When Waiting Becomes the Work
On formation, patience, and the slow work of God
There’s a moment… after the urgency fades… when everything goes quiet.
Not resolved.
Not answered.
Just quiet.
The kind of quiet that feels less like peace and more like absence. In the beginning, we couldn’t wait. Everything in us leaned forward… toward change, clarity, and movement. The tension felt like something to solve. Something to accelerate for the sake of the Gospel, or at least what we believed the Gospel required of us. But then nothing moved. Or at least, nothing we could measure. And this is where the spiritual life becomes more than intention. We assume waiting is what happens when nothing is going on. But in the way God works, waiting is rarely empty. It is often where the deepest work of formation takes place.
Waiting Is Not a Gap
We’ve been formed… culturally and religiously… to treat waiting like a gap between meaningful moments.
Between call and confirmation.
Between discernment and deployment.
Between prayer and response.
So we fill the space. We strategize. We spiritualize our urgency. We try to force movement in the name of faithfulness. But waiting is not empty. Waiting is a place. A place where God does slow, often hidden work… work that resists our plan but not our transformation.
Not quickly.
Not efficiently.
Not on demand.
The Subtle Danger of Urgency
Urgency can sound like faith. It can sound like conviction… like obedience. Like responsiveness to the Spirit. But urgency can also be something else. It can be anxiety with theological language. Not everything that feels urgent is obedience. And not everything that is slow is disobedience. We are not saved by our responsiveness to God’s timeline. We are formed by our surrender to it. What we call delay is often mercy. Or preparation. Or refinement that cannot be rushed without distorting the very vocation we are trying to live into.
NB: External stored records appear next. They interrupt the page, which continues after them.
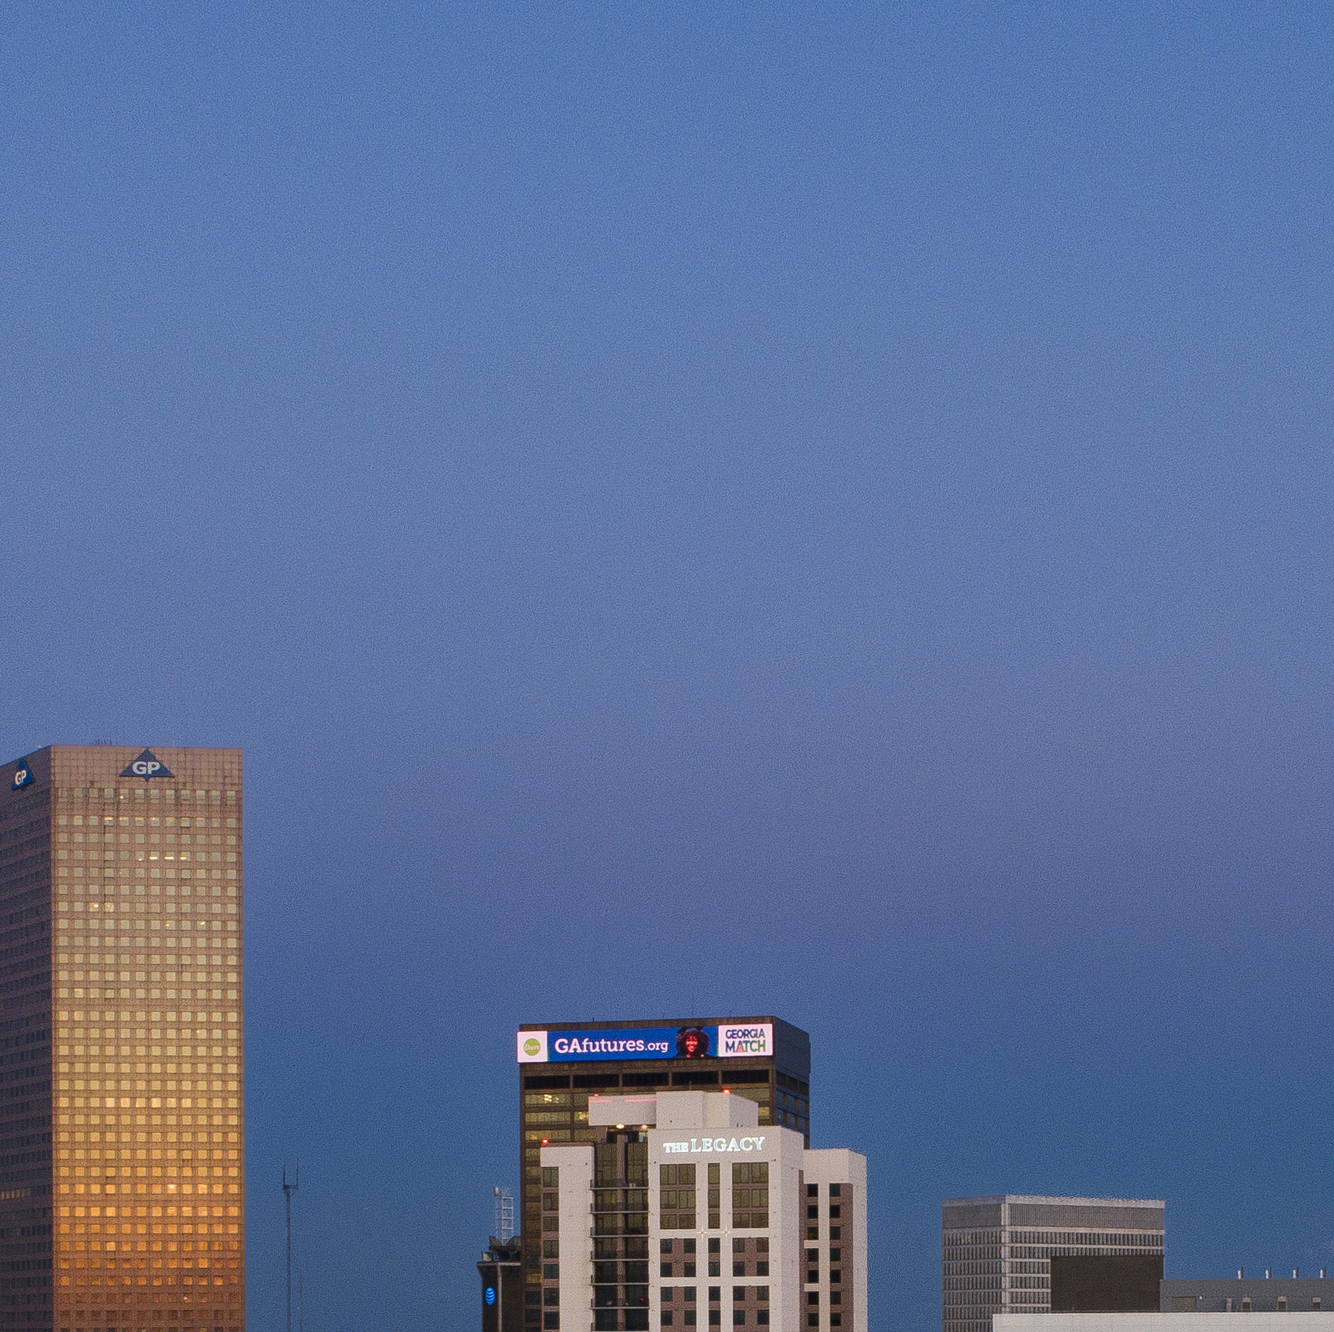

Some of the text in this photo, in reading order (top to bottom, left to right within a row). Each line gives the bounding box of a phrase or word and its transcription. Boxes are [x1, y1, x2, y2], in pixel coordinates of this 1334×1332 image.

[132, 761, 160, 775] GP
[15, 769, 27, 785] GP
[725, 1028, 766, 1039] GEORGIA
[554, 1037, 669, 1054] GAfutures.org
[725, 1039, 766, 1053] MATCH
[663, 1136, 766, 1153] THE LEGACY
The Pattern We Keep Missing
Scripture does not hide this pattern… it repeats it. Israel in the wilderness, learning dependence before promise. The long silence between prophets, where God is no less present for being unheard. Jesus himself, thirty hidden years before three years of public ministry. We tend to read these as prelude. But they are not prelude. They are formation. God is not in a hurry to produce what only time… and surrender… can faithfully sustain. Delay is not divine absence. It is often the means by which God prepares us to bear the weight of what we’ve been called to carry.
What Waiting Reveals
When the outward movement slows, the inward life becomes harder to ignore. Our fear and control surfaces. The quiet suspicion that maybe we’ve missed God altogether. Waiting confronts the illusion that we are managing outcomes in partnership with God. It reveals how much of our discipleship has been subtly shaped by productivity rather than presence. And in that revealing, there is invitation.
The Work Beneath the Work
Waiting is not passive. It is the work of remaining in Christ when there is no immediate evidence that anything is changing.
It is the work of:
Staying when you would rather escape.
Listening when God seems silent.
Releasing timelines you have confused with calling.
It is the work of being conformed… not to your expectations… but to Christ… not more efficient… more faithful.
Maybe We’re Not the Ones Waiting
We say we are waiting on God.
Waiting for clarity.
For provision.
For direction.
But Scripture suggests something more unsettling. God is patient…not slow, but patient. And that patience is not for God’s sake. It is for ours. What if God is waiting… not to act, but for us to become? To become the kind of people who can receive without grasping. Who can lead without controlling. Who can carry calling without confusing it for identity. Because some things cannot be entrusted to us until they no longer define us.
When Nothing Changes (But You Do)
There is a quieter transformation that takes place in waiting. Not dramatic. Not visible. But deeply real. Your reactions begin to shift. Your need to control loosens. Your identity becomes less tethered to outcomes and more rooted in Christ. The external circumstances may remain unchanged. But you are not unchanged. And that is not incidental to the work. It is the work. Because when movement comes… and it will… it will require a self that has been crucified, not just activated.
Stay
There is a kind of faith that moves. And there is a kind of faith that remains. That resists the urge to manufacture momentum. That trusts that God is at work…even when that work is hidden.
If nothing seems to be moving… you are not behind. You are not abandoned. You are not outside the will of God. You are being formed. So stay. Remain in Christ. Attend to what is being shaped in you. Let patience have its full work. Even here. Especially here.